#### Data records:

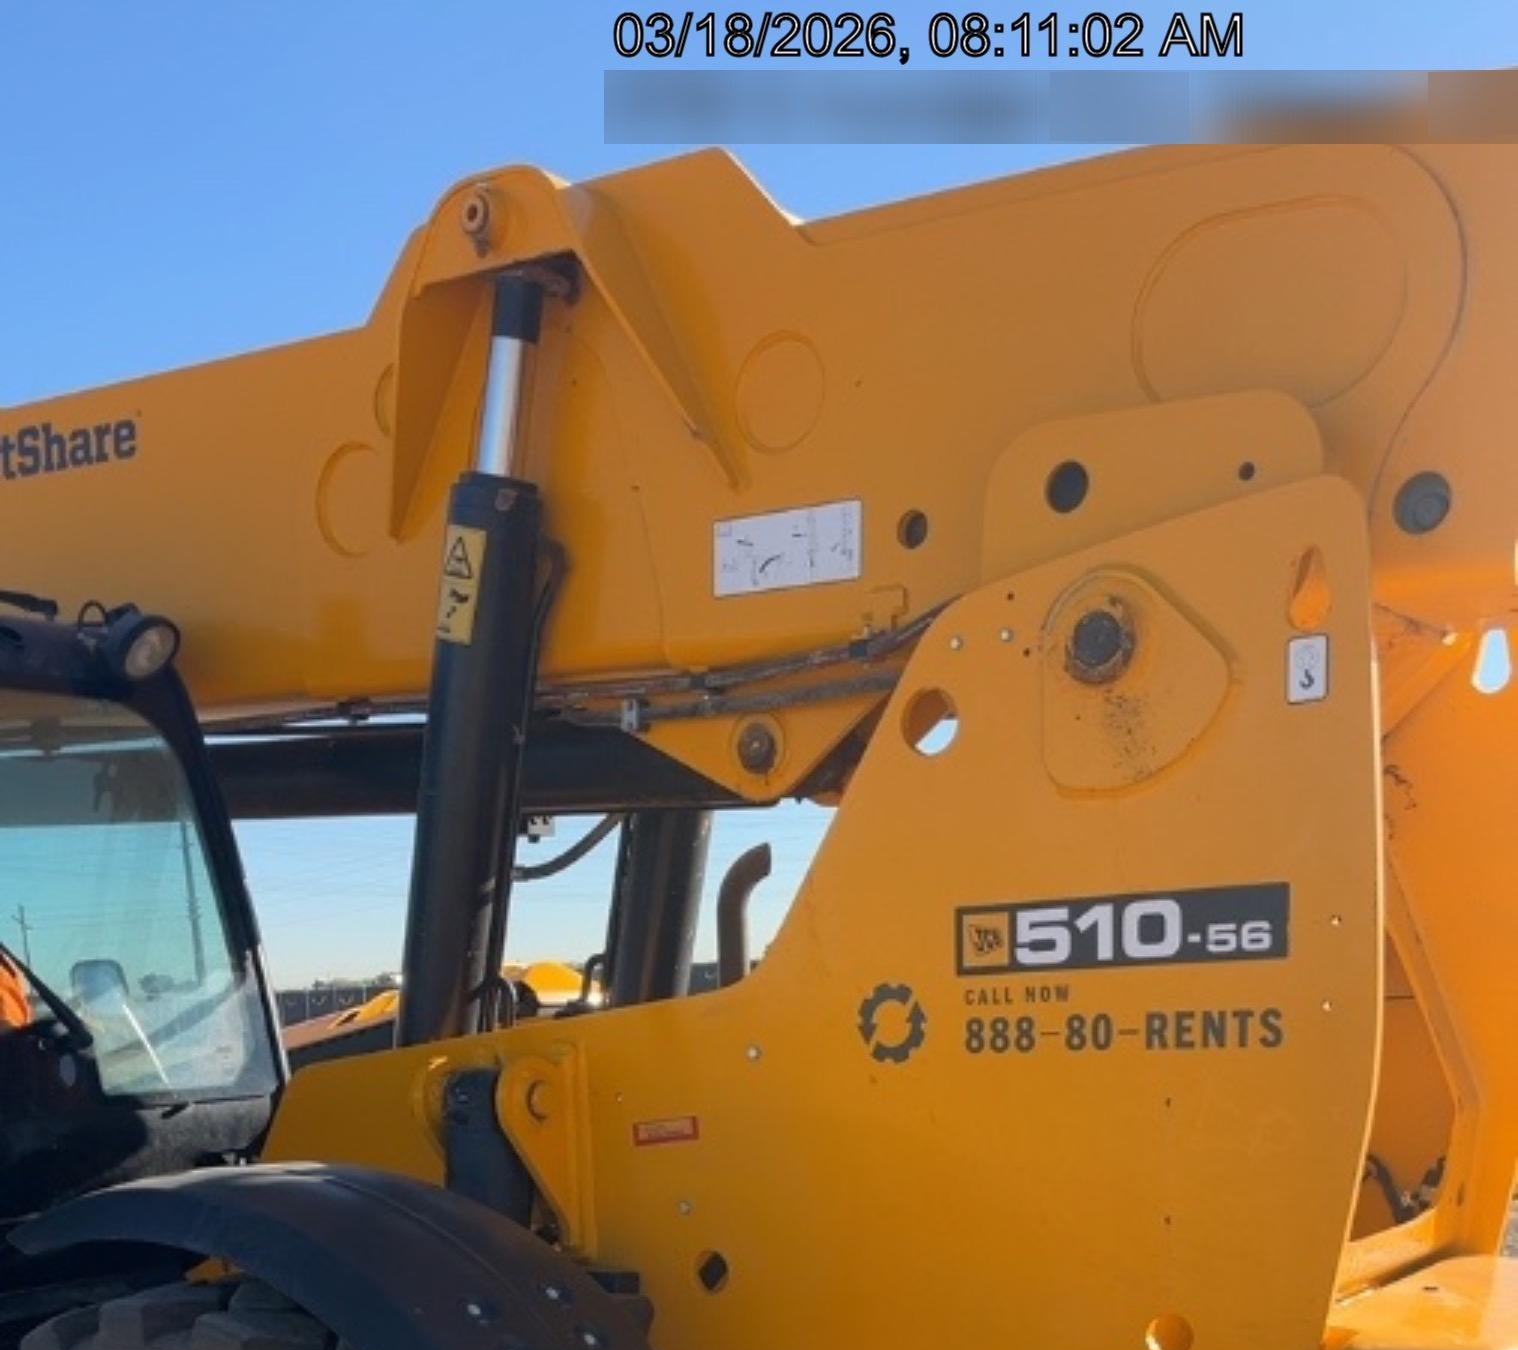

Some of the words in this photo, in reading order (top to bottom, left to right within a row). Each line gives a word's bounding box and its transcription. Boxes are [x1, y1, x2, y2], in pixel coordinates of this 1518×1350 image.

[1014, 898, 1273, 967] 510-56
[964, 986, 1013, 1006] CALL
[1025, 984, 1070, 1003] NOW
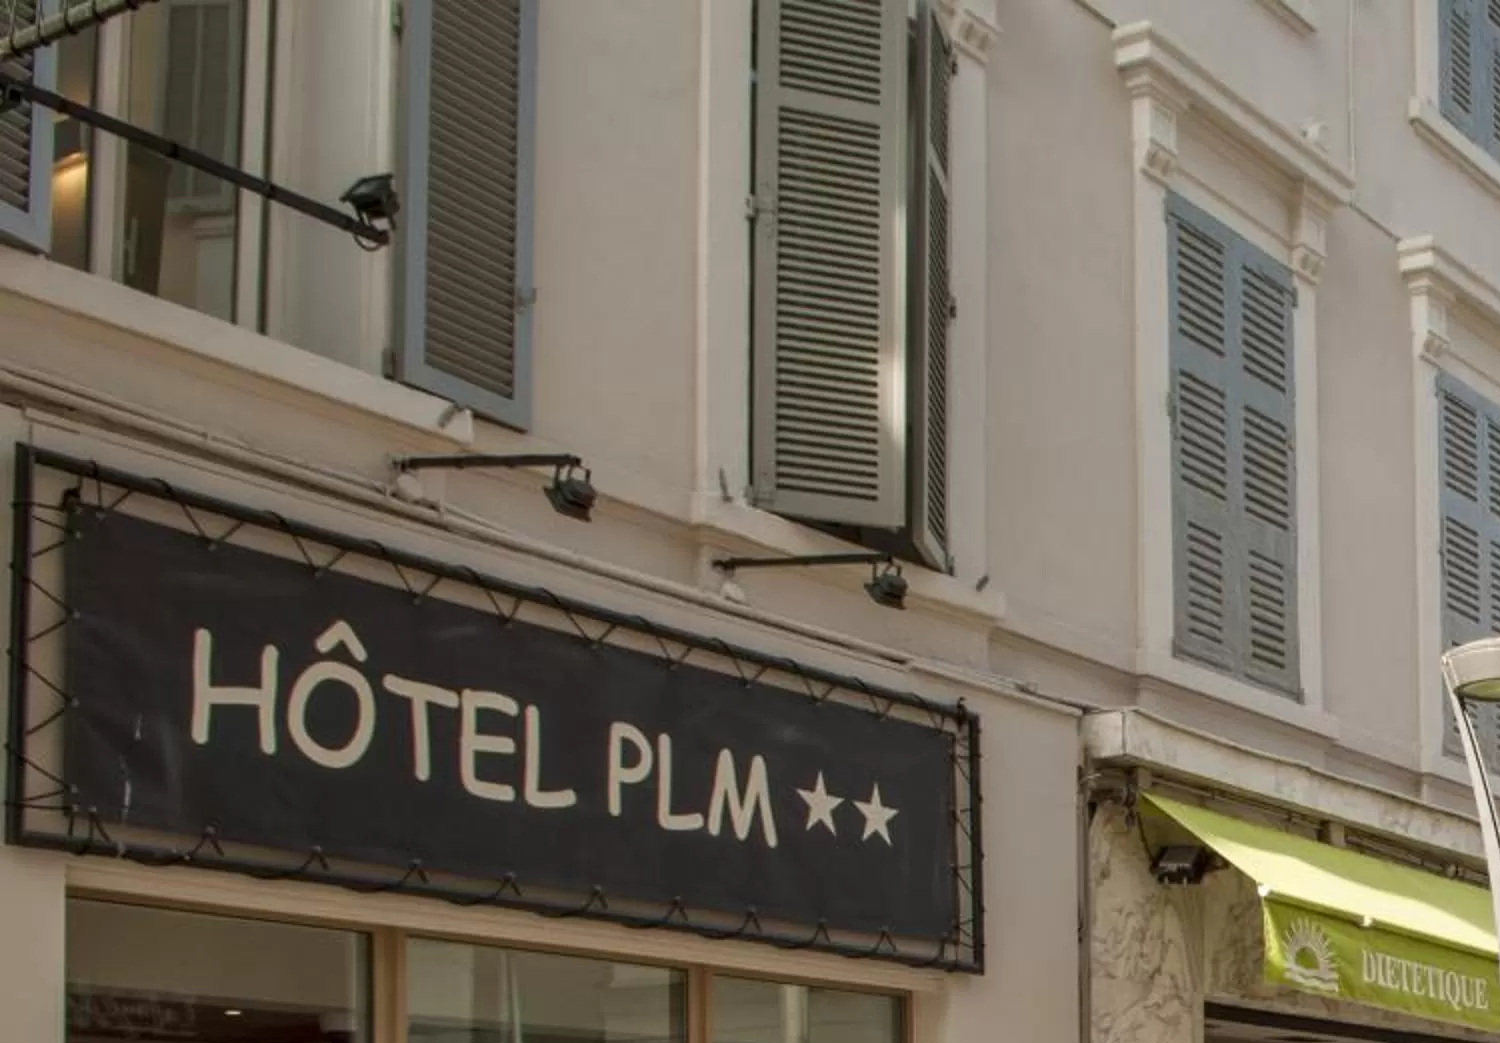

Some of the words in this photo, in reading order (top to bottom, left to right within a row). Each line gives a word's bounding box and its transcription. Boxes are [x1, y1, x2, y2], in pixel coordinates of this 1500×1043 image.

[191, 619, 577, 810] HÔTEL
[607, 720, 780, 848] PLM
[1361, 948, 1489, 1011] DIETETIQUE
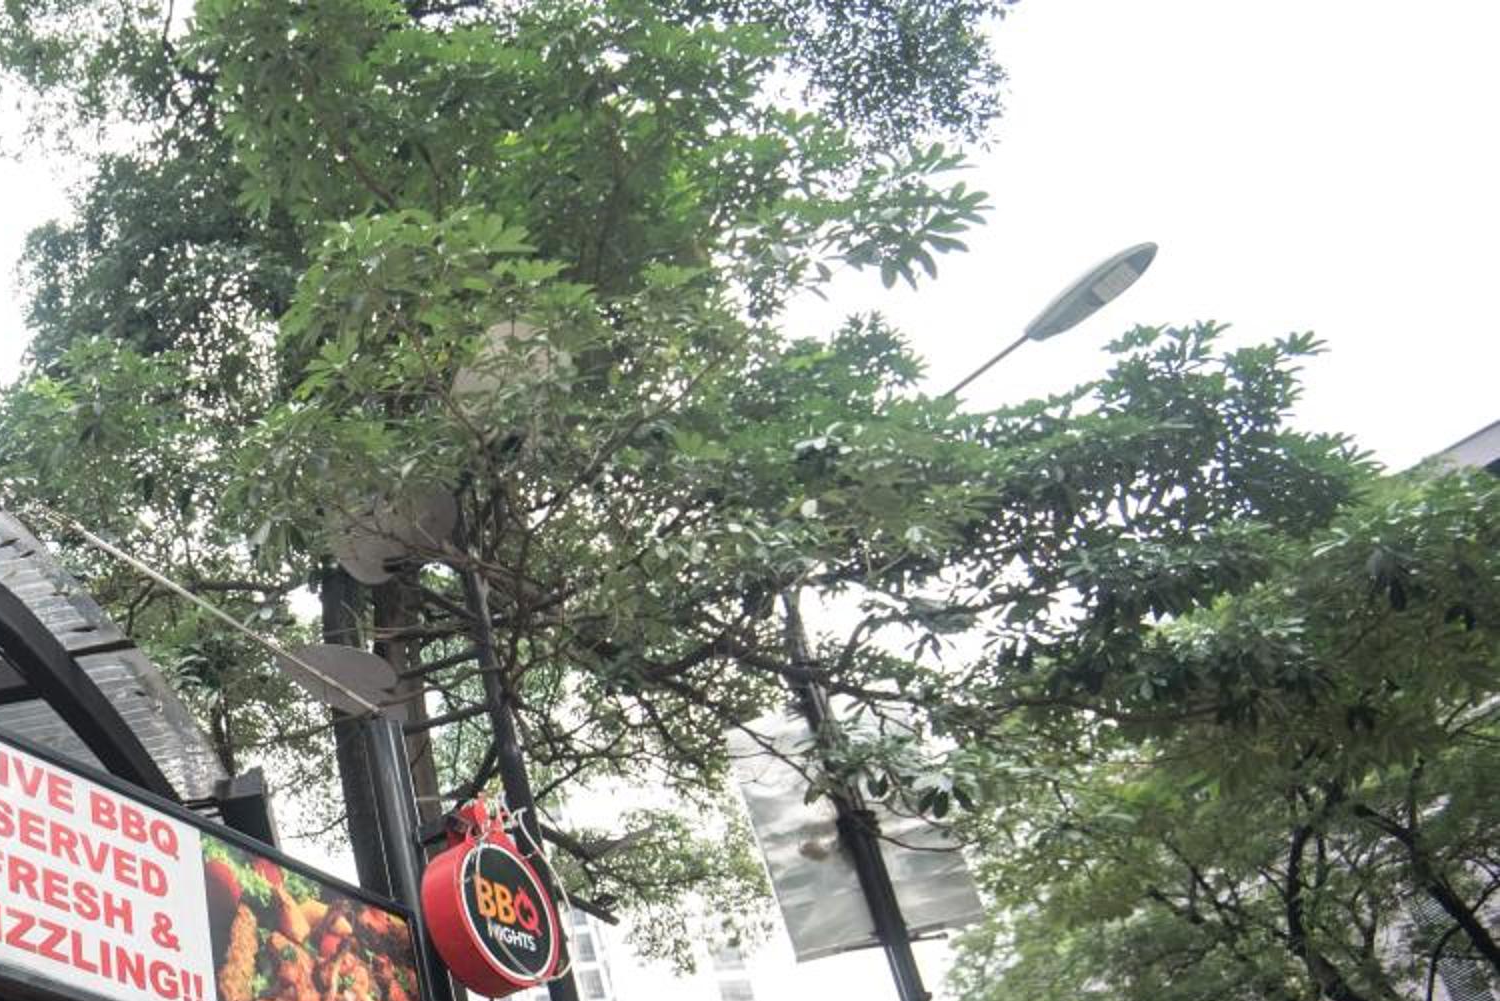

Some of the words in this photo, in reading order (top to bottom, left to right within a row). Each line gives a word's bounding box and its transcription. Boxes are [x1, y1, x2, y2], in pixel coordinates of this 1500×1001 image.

[90, 780, 182, 863] BBQ
[152, 908, 181, 953] &
[473, 872, 543, 937] BBQ
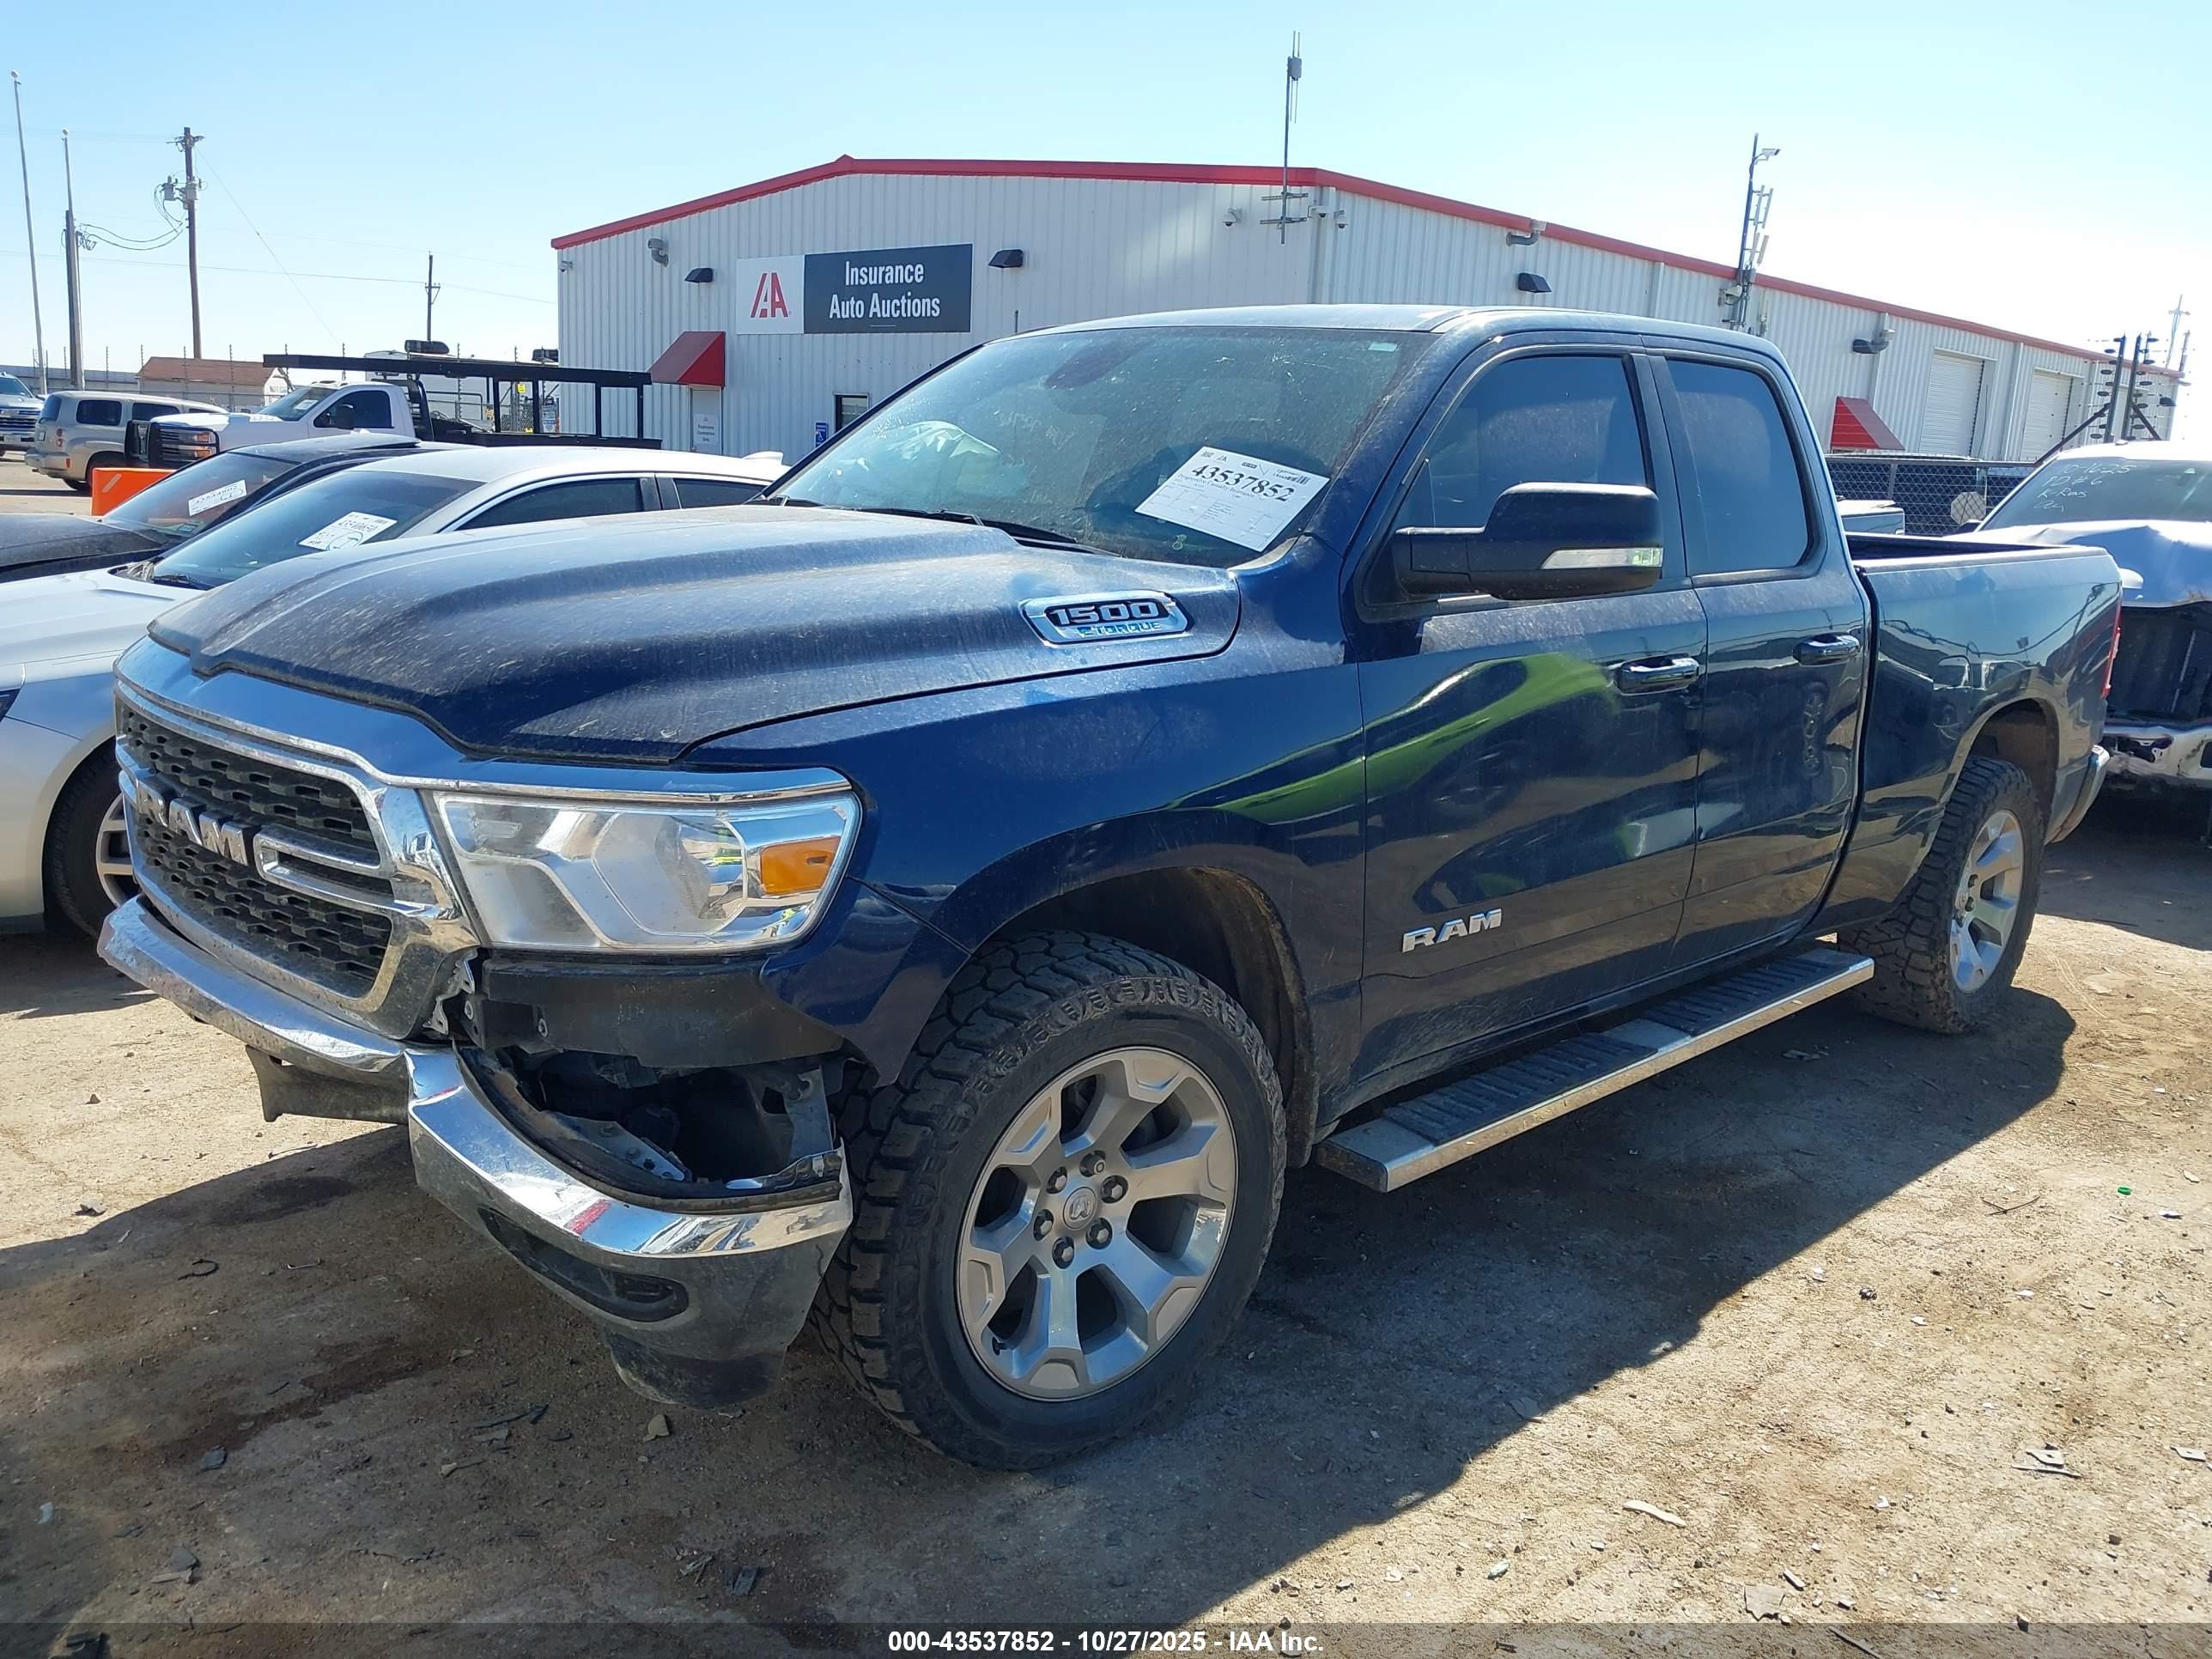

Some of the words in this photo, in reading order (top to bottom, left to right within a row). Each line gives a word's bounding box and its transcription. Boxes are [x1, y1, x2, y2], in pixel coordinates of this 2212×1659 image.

[845, 260, 925, 286] Insurance
[829, 293, 865, 319] Auto
[869, 292, 941, 319] Auctions
[1191, 464, 1295, 502] 43537852
[1050, 601, 1159, 625] 1500
[137, 777, 248, 866] RAM
[1402, 908, 1502, 953] RAM

#### Work required:
Repeat every record above exactly, but drop the pictures.

#### Completed exercise:
Some of the words in this photo, in reading order (top to bottom, left to right within a row). Each line gives a word's bounding box and its transcription. Boxes are [x1, y1, x2, y2], in pixel coordinates of this 1518×1350 image.

[1014, 898, 1273, 967] 510-56
[964, 986, 1013, 1006] CALL
[1025, 984, 1070, 1003] NOW

Some of the words in this photo, in reading order (top to bottom, left to right within a row). Each line gives a word's bounding box and its transcription. Boxes are [x1, y1, x2, y2], in pixel coordinates of this 1500×1043 image.

[191, 619, 577, 810] HÔTEL
[607, 720, 780, 848] PLM
[1361, 948, 1489, 1011] DIETETIQUE

Some of the words in this photo, in reading order (top to bottom, left to right within a row). Each line gives a word's bounding box and its transcription. Boxes are [x1, y1, x2, y2], in pixel coordinates of this 1500×1001 image.

[90, 780, 182, 863] BBQ
[152, 908, 181, 953] &
[473, 872, 543, 937] BBQ

Some of the words in this photo, in reading order (top to bottom, left to right within a row). Each line gives a word's bounding box and its transcription. Boxes are [x1, y1, x2, y2], in pixel coordinates of this 2212×1659 image.

[845, 260, 925, 286] Insurance
[829, 293, 865, 319] Auto
[869, 292, 941, 319] Auctions
[1191, 464, 1295, 502] 43537852
[1050, 601, 1159, 625] 1500
[137, 777, 248, 866] RAM
[1402, 908, 1502, 953] RAM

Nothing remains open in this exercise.